*** Opening of INFORMATION GIVEN ***

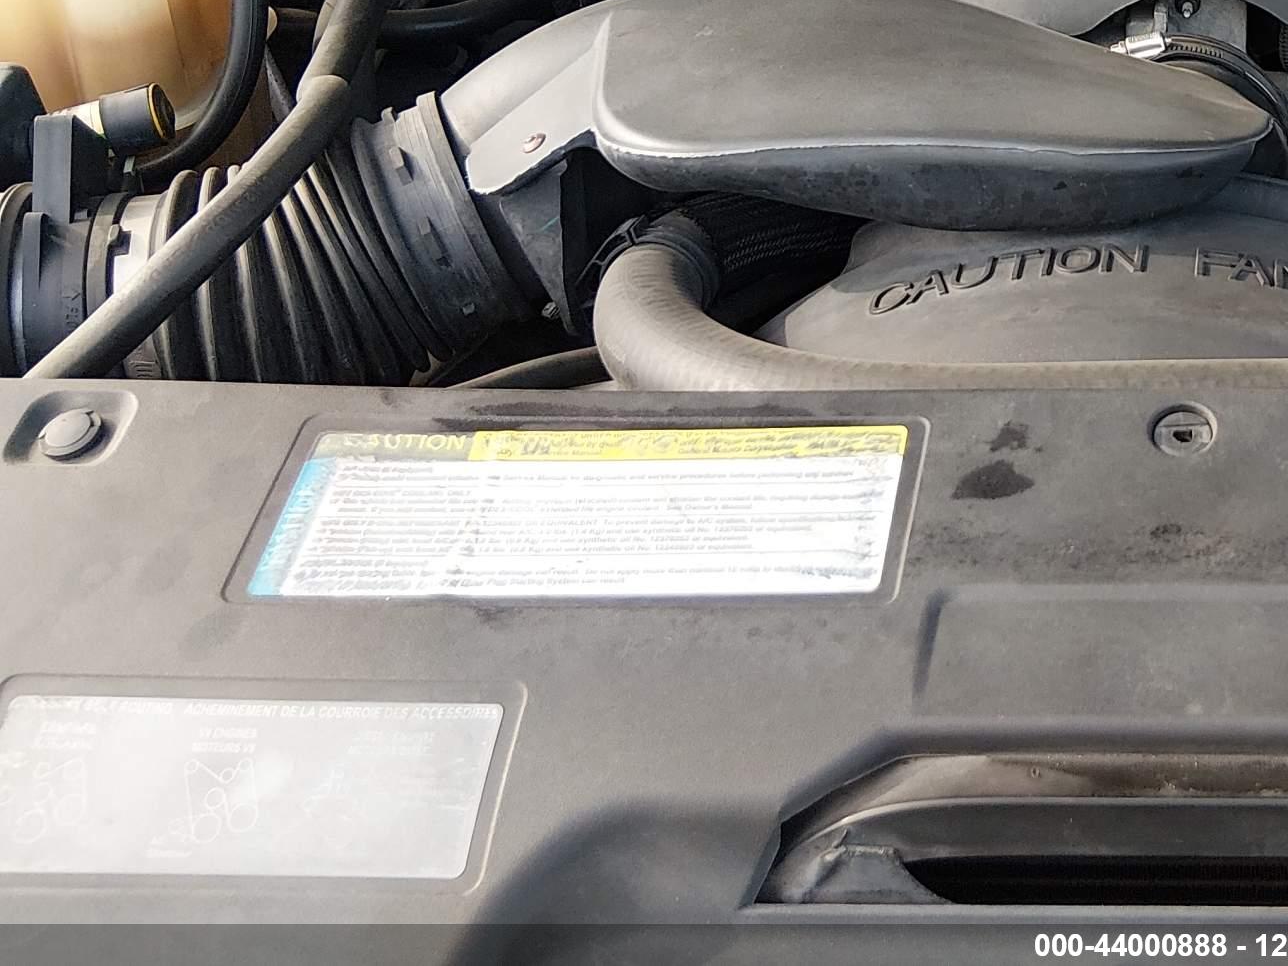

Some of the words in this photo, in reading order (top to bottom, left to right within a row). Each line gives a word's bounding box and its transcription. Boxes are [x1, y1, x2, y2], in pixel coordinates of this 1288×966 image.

[868, 243, 1150, 315] CAUTION
[184, 703, 278, 717] ACHEMINEMENT
[280, 705, 299, 717] DE
[300, 705, 316, 717] LA

*** Close of INFORMATION GIVEN ***

Reproduce all the material exactly, omitting images.

FINISHED EXERCISE ->
Some of the words in this photo, in reading order (top to bottom, left to right within a row). Each line gives a word's bounding box and its transcription. Boxes are [x1, y1, x2, y2], in pixel coordinates of this 1288×966 image.

[868, 243, 1150, 315] CAUTION
[184, 703, 278, 717] ACHEMINEMENT
[280, 705, 299, 717] DE
[300, 705, 316, 717] LA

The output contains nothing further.